The Holden Commodore (VP) is a full-size car that was produced by Holden from 1991 to 1993. It was the second iteration of the second generation of the Commodore. Its range included the luxury variants, Holden Berlina (VP) and Holden Calais (VP).
The VP series was released in September 1991 with mainly cosmetic and feature changes to the outgoing VN Series Commodore. It launched shortly after the Ford EB Falcon. The 3.8 litre V6 and 5.0 litre V8 engines from the VN were carried over, but the V6 engine received various revisions that improved its refinement and noise characteristics as well as boosting power by two kilowatts. The 2.0 litre straight-4 engine which had been offered on the VN in certain export markets was discontinued. Semi-trailing arm IRS became standard on Calais and Commodore SS models and became an optional extra on lower-end models. This new suspension drastically improving ride and handling over that offered by the live rear axle. ABS brakes were also introduced in the VP range as an option on Series 1 Calais and Commodore SS models, and on most models with IRS for Series II versions which launched in January 1993. Additional security features were introduced across the range, including an ignition-disabling device and a driver's door deadlock. Central locking and power mirrors were also a standard feature across the model range. The VP series was replaced in July 1993 by the VR Series Commodore.

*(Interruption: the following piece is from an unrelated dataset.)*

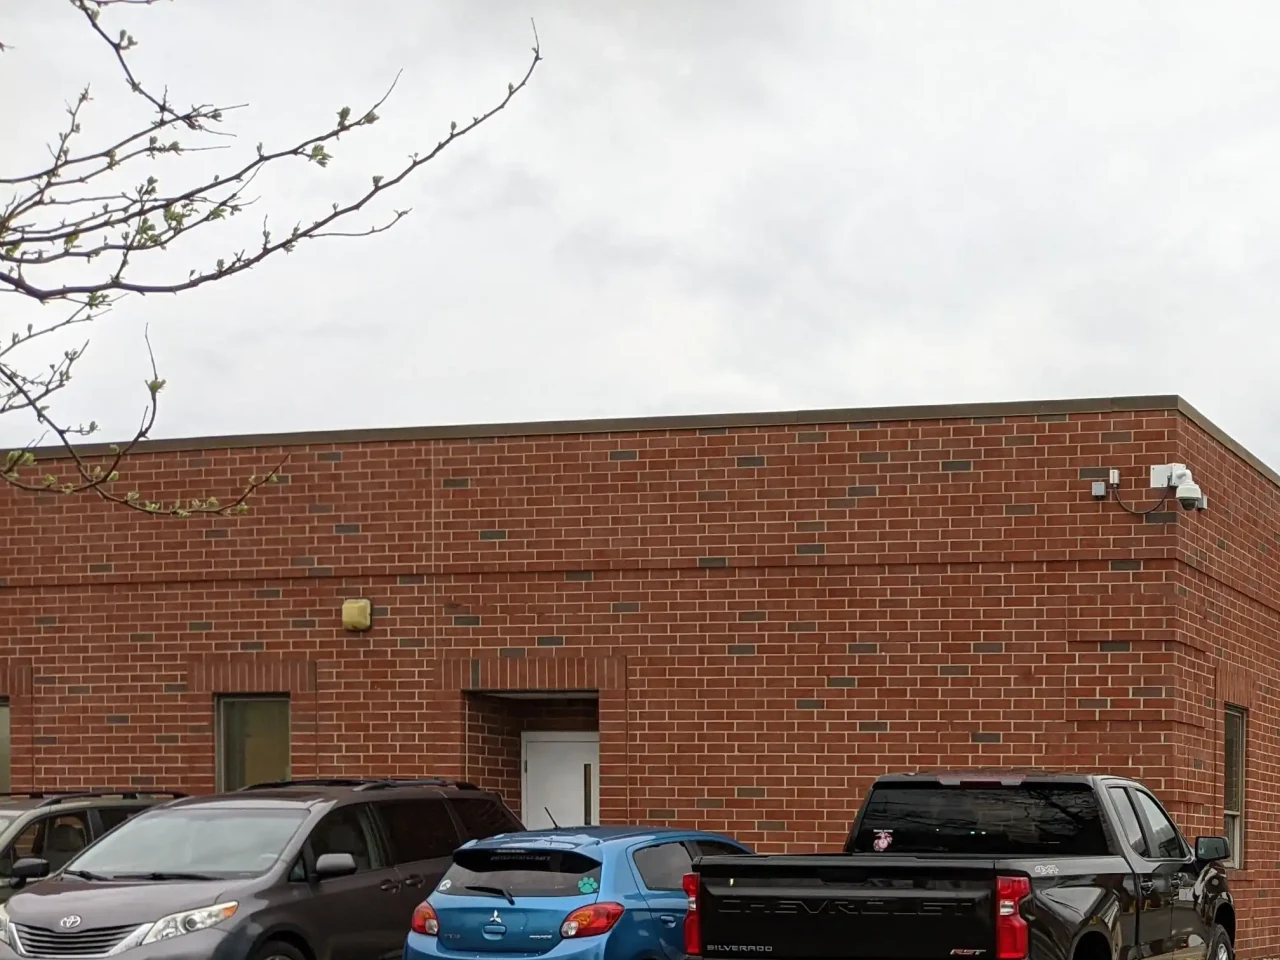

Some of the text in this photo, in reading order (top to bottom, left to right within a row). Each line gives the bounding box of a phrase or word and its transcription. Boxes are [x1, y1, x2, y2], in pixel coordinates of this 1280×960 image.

[718, 900, 973, 915] CHEVROLET
[706, 944, 773, 952] SILVERADO
[950, 948, 987, 956] RST

The Commodore Executive was the base model of the range.
The Commodore S was the cheapest sports variant of the range. It was essentially similar to the Executive, but with sports trim similar to the SS model.
The Commodore SS was the top-of-the-line sports model of the range with a V8 engine.
The Commodore Berlina was the cheapest luxury variant of the range.
Commodore Berlina LX
The Commodore Berlina LX was the semi-luxury version of the range. This model was essentially a stepping stone between the Berlina and Calais. The VP was the only version to offer this trim level.
The Calais was the luxury version of the range. It was however not badged or marketed as a Commodore.
Limited edition and other specification levels
Commodore SS V6
The SS V6 was a 1992 limited production model which had all the features of the regular Commodore SS but utilized the 3.8L V6 engine in place of the 5.0L V8. It was produced to homologate a suitable model for the Group 3E Series Production Cars motor racing category, which required a small minimum run of cars to be built. The SS V6's main rival was the Ford EB2 Falcon XR6.
The Commodore BT1, or the Police Pack was a special pack for the VP Commodore that was available to the Australian and New Zealand Police Forces. It was based on the Commodore Executive and added various specification upgrades to cater to the needs of the Police Force. Many believe that BT1 Commodores had a "cop chip" which increased the engine power output, however this is a myth, as the engine power is the same as in regular VP Commodores. BT1 with IRS had a standard size fuel tank, not a long range tank as found on other models.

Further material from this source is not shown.